Figure (a) shows two position vectors of magnitudes A = 60 ft and  B = 100 ft. (A position vector is a vector drawn between two points in space.) Determine the resultant R = A + B using the following methods: (1) analytically, using the triangle law; and (2) graphically, using the triangle law.

## Verified Solution

Part 1

The first step in the analytical solution is to draw a sketch (approximately to scale) of the triangle law. The magnitude and direction of the resultant are then found by applying the laws of sines and cosines to the triangle.

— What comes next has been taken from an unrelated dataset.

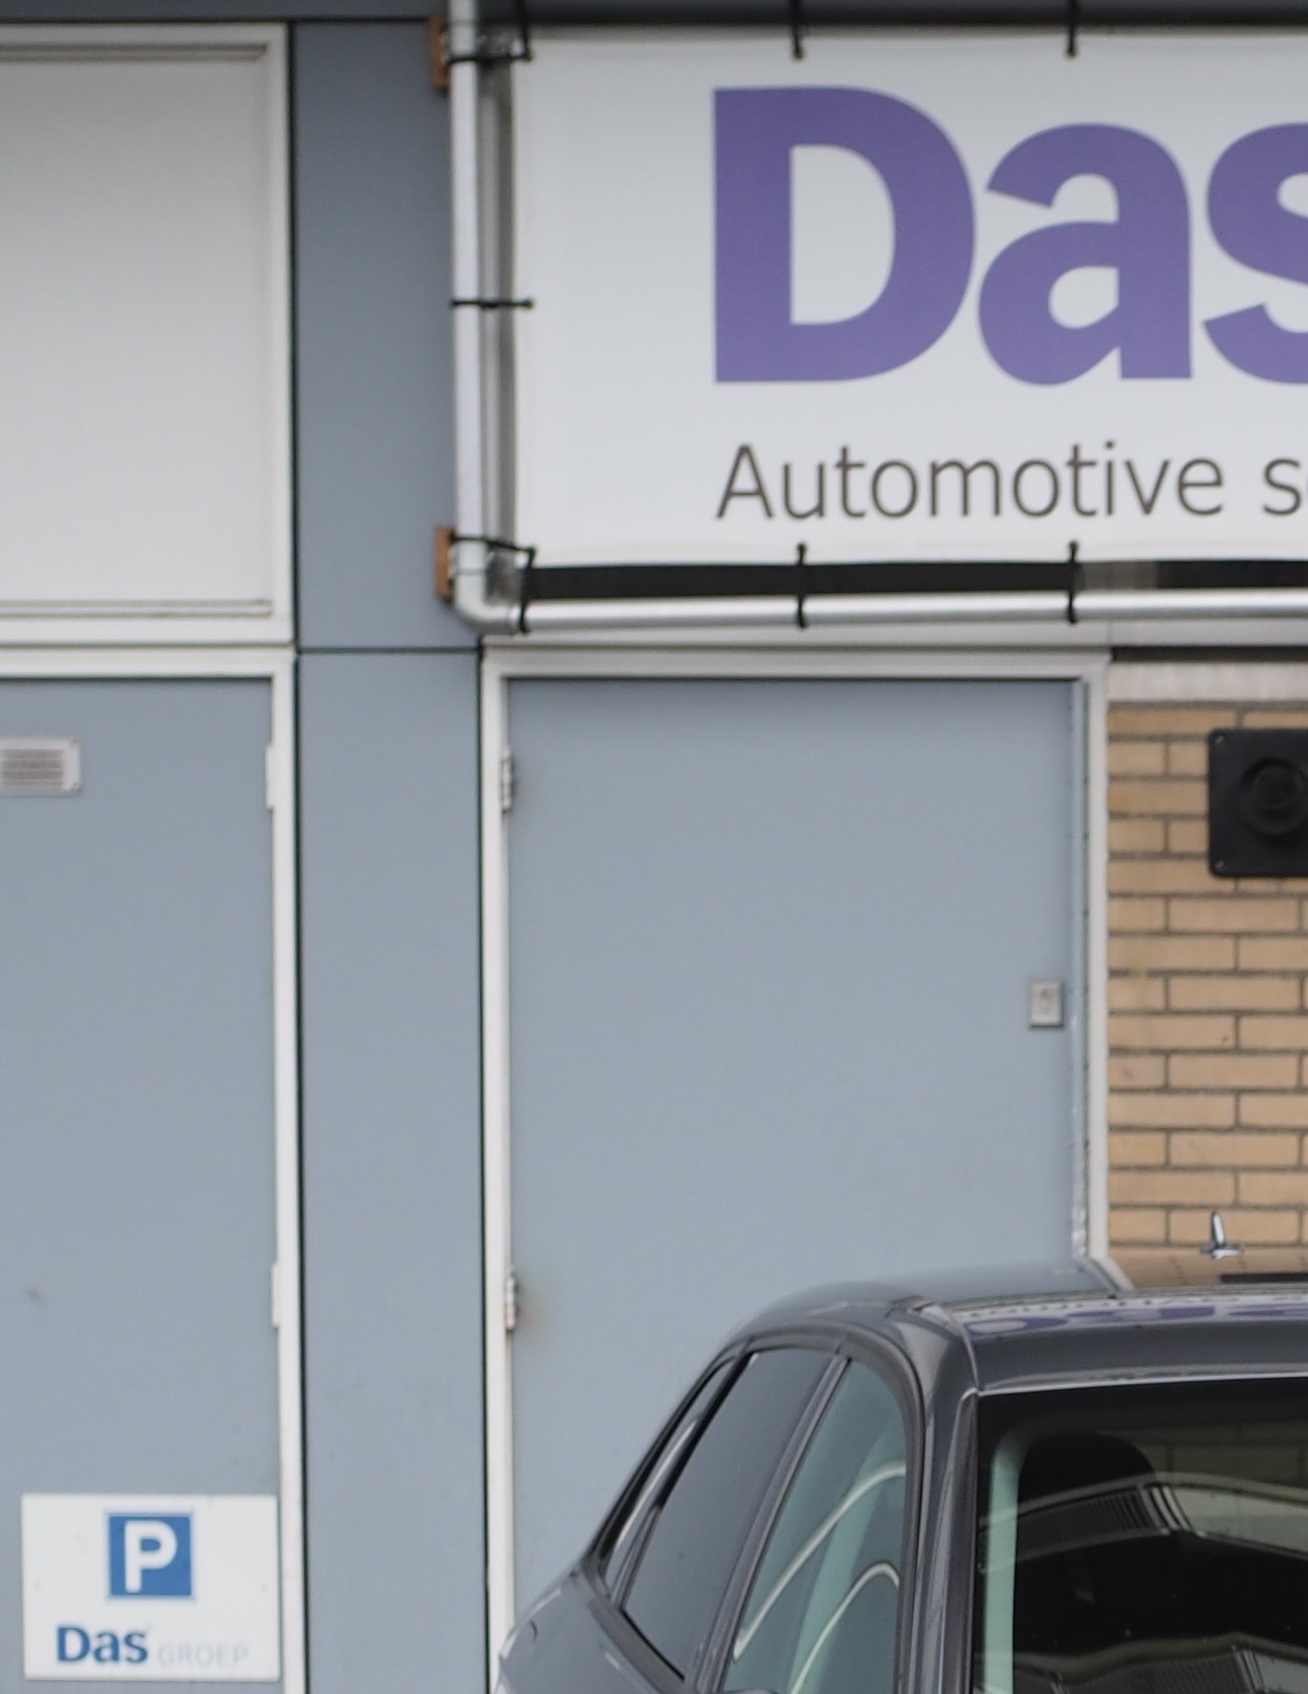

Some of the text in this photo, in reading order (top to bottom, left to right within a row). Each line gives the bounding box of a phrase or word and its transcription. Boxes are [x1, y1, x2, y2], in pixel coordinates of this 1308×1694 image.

[715, 439, 1225, 522] Automotive
[123, 1518, 178, 1594] P
[56, 1625, 250, 1668] Das GROEP

In this problem, the triangle law for the vector addition of A and B is shown in Fig. (b). The magnitude R of the resultant and the angle α are the unknowns to be determined. Applying the law of cosines, we obtain

$R^{2}=60^{2}+100^{2}-2(60)(100)\:cos\:140^\circ$

which yields $R = 151.0\:ft$.
The angle $α$ can now be found from the law of sines:

$\frac{100}{\sin\alpha} =\frac{R}{\sin140^\circ}$

Substituting $R = 151.0\:ft$ and solving for $α$, we get $α = 25.2^\circ$. Referring to $Fig.\:(b)$, we see that the angle that $R$ makes with the horizontal is $30^\circ+α=30^\circ+25.2^\circ=55.2^\circ$. Therefore, the resultant of $A$ and $B$ is

$R = 151.0\:ft$

Part 2

In the graphical solution, $Fig.\:(b)$ is drawn to scale with the aid of a ruler and a protractor. We first draw the vector $A$ at $30^\circ$ to the horizontal and then append vector $B$ at $70^\circ$ to the horizontal. The resultant $R$ is then obtained by drawing a line from the tail of $A$ to the head of $B$. The magnitude of $R$ and the angle it makes with the horizontal can now be measured directly from the figure.

Of course, the results would not be as accurate as those obtained in the analytical solution. If care is taken in making the drawing, two-digit accuracy is the best we can hope for. In this problem we should get $R≈150\:ft$, inclined at $55^\circ$ to the horizontal.